# Investigating the Effect of Magnetic Dipole-Dipole Interaction on   Magnetic Particle Spectroscopy (MPS): Implications for Magnetic   Nanoparticle-based Bioassays and Magnetic Particle Imaging (MPI)

**Authors:** Kai Wu, Diqing Su, Renata Saha, Jinming Liu, and Jian-Ping Wang

arXiv: 1901.01355 · 2019-10-08

## TL;DR

This study explores how magnetic dipole-dipole interactions among superparamagnetic nanoparticles influence their magnetic response, revealing that concentration changes significantly affect signal strength in magnetic particle spectroscopy, impacting bioassay and imaging applications.

## Contribution

The paper provides new insights into the effects of dipolar interactions on SPION magnetic dynamics through combined simulations and experiments, highlighting their impact on MPS signals.

## Key findings

- Moderate SPION concentration changes significantly alter magnetic dynamics.
- Harmonic signal magnitudes can vary by up to 60%.
- Dipolar interactions influence magnetic response relevant to bioassays and MPI.

## Abstract

Superparamagnetic iron oxide nanoparticles (SPIONs), with comparable size to biomolecules (such as proteins, nucleic acids, etc.) and unique magnetic properties, good biocompatibility, low toxicity, potent catalytic behavior, are promising candidates for many biomedical applications.
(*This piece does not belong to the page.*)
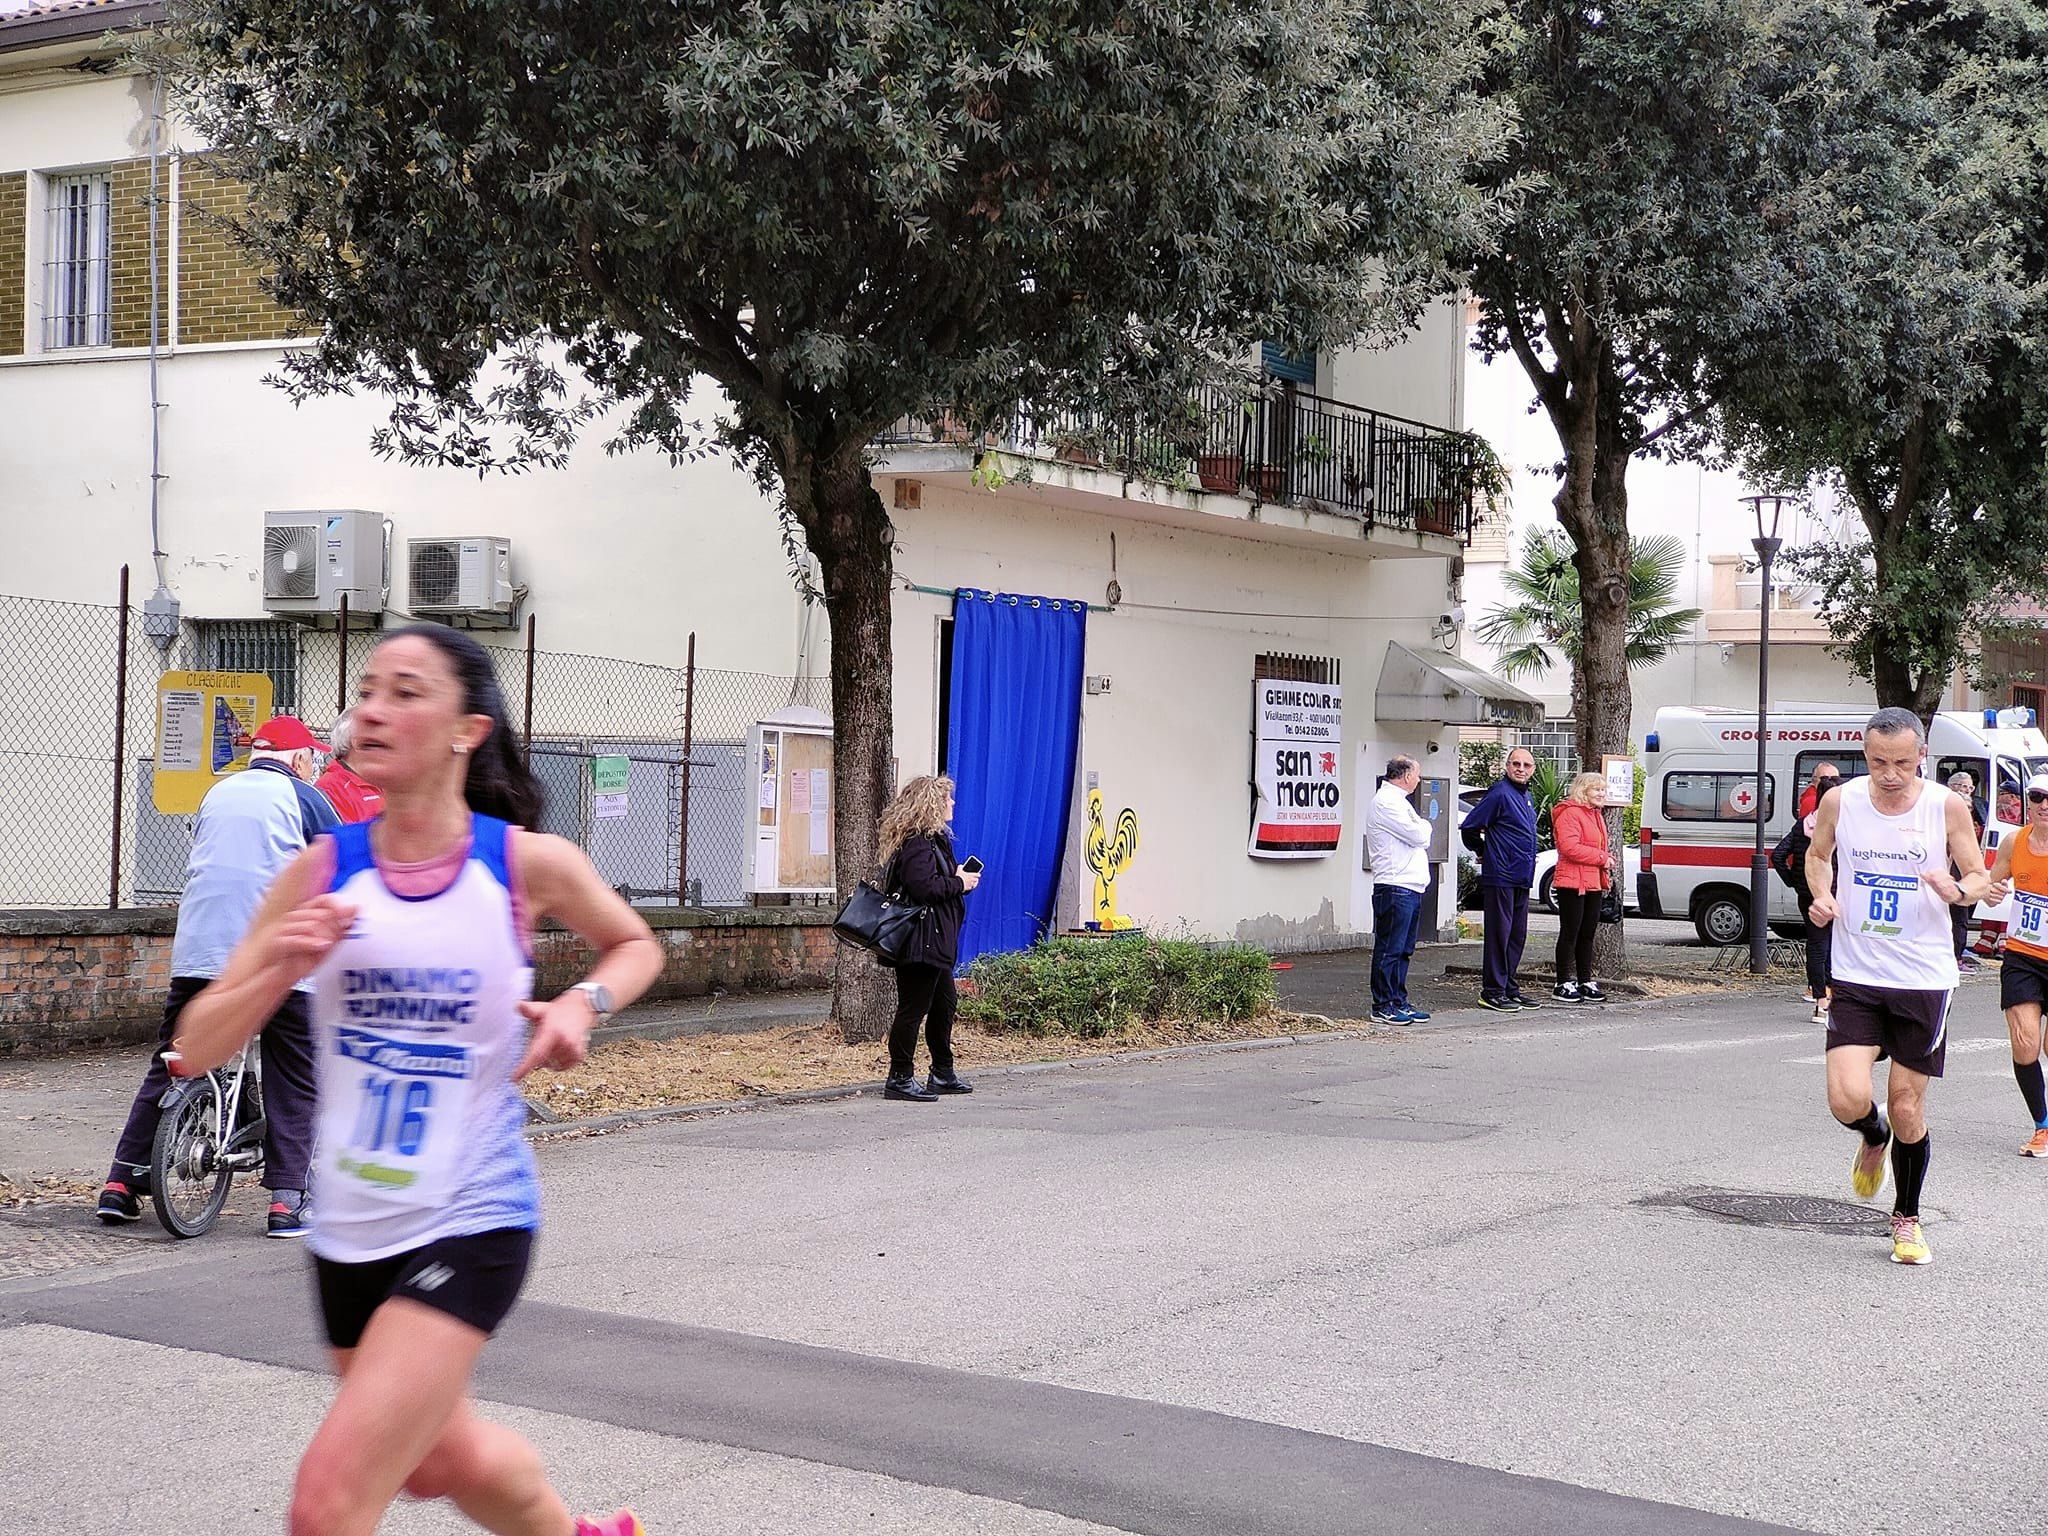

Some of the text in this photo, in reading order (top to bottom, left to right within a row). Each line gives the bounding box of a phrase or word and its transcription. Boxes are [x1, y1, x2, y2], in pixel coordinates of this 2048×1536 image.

There is one property present in most SPION systems, yet it has not been fully exploited, which is the dipole-dipole interaction (also called dipolar interaction) between the SPIONs. It is known that the magnetic dynamics of an ensemble of SPIONs are substantially influenced by the dipolar interactions. However, the exact way it affects the performance of magnetic particle-based bioassays and magnetic particle imaging (MPI) is still an open question. The purpose of this paper is to give a partial answer to this question. This is accomplished by numerical simulations on the dipolar interactions between two nearby SPIONs and experimental measurements on an ensemble of SPIONs using our lab-based magnetic particle spectroscopy (MPS) system. Our results show that even moderate changes in the SPION concentration may have substantial effects on the magnetic dynamics of the SPION system and the harmonic signal magnitudes can be increased or decreased by 60%, depending on the values of MPS system parameters.